I can, however, give you a few pointers. As “social distancing” is on target to become Merriam-Webster’s 2020 term of the year, riding a motorcycle checks a lot of those “distancing” boxes. See, the great thing about riding a motorcycle is that you get to do it alone and it isolates you in a certain way—provided you don’t head out in a group. After all, everyone else around you is over six feet away, right?

The riding itself doesn’t technically pose a problem but the small things we do when we get on and off the saddle might. Where riding a bike might present a risk of exposure is when you stop in crowded places like at a gas station or in coffee shops, for example. Fuel nozzles are pretty nasty, to begin with, and considering the current situation, they could be carriers for the bug.

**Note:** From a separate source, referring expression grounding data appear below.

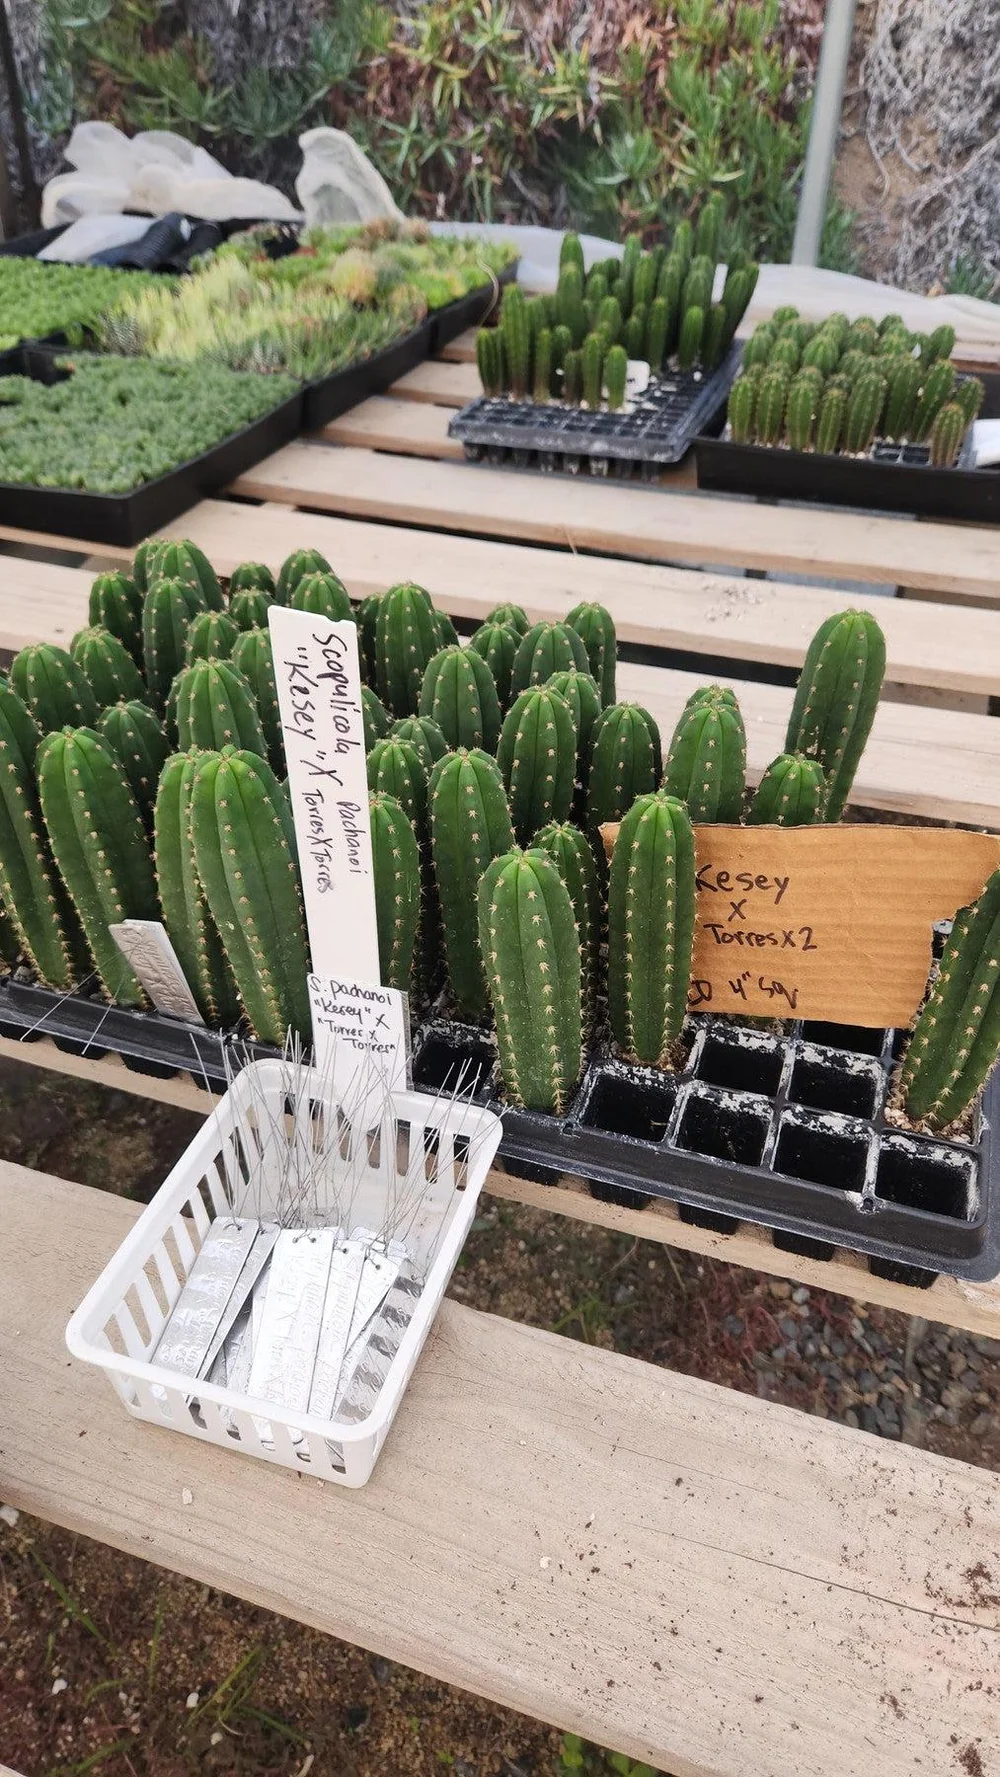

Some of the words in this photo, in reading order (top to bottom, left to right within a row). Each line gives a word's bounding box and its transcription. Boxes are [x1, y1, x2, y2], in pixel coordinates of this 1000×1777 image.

[312, 633, 361, 754] Scopulicola
[336, 800, 368, 874] Pachanoi
[695, 864, 790, 905] Kesey
[310, 975, 327, 993] S.
[330, 979, 392, 1005] Pachanoi

Consider bringing a few cleaning wipes or a pair of disposable gloves, just in case you need to fuel up. Even a plastic bag to handle the nozzle is a good alternative to putting your hand directly on it. Once you’re done, be extra safe and wash your hands.

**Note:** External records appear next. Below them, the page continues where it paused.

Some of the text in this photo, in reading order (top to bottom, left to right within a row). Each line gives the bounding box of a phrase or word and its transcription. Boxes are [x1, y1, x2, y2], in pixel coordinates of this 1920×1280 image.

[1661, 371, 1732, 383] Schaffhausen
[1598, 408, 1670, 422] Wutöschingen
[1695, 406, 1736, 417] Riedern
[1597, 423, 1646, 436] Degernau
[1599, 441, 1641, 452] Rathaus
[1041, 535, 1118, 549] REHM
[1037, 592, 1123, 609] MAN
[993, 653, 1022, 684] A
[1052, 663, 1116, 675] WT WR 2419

If you do end up using your riding gloves to pick up the nozzle, keep in mind that certain sources suggest that the virus can stay on soft surfaces like clothes (and gear) and its lifespan on different surfaces and materials has yet to be confirmed. If your riding gloves have been in contact with a potentially infected surface, avoid touching your face with them—including that pesky itchy nose!—and throw your gloves in the washer once you’re home. If the gloves are made of leather, you can find a few easy tips to disinfect your leather safely online.

Medical Grade Gear?

To answer your question about gear, keep in mind that motorcycle gear isn’t made from medical grade materials. It’s designed to protect us from bad falls and impacts, not from microscopic bugs. So no, I won’t say that your gear will protect you from the novel coronavirus. It creates a barrier against the elements, that’s true, but it’s permeable, so don’t think that you become invincible by wearing a motorcycle helmet and a jacket.

If you avoid crowds and enjoy the ride by staying on your bike, then you are following the social distancing recommendations. So in summary, yes, riding a motorcycle should be safe—just remember that, as with any form of outing at the moment, there’s never a 100-percent guarantee that you won’t get in contact with the bug. The smarter you go about this, the lower the risks.

You can check out the World Health Organization’s (WHO) recommendations and updates on the situation here. If you present any symptoms or have been in contact with someone who presents them or who has recently traveled, then postpone your ride for a while (14-day self-isolation recommended) for your own benefit and everyone else’s. It’s a small price to pay to make sure a normal riding season (and life) resumes sooner rather than later.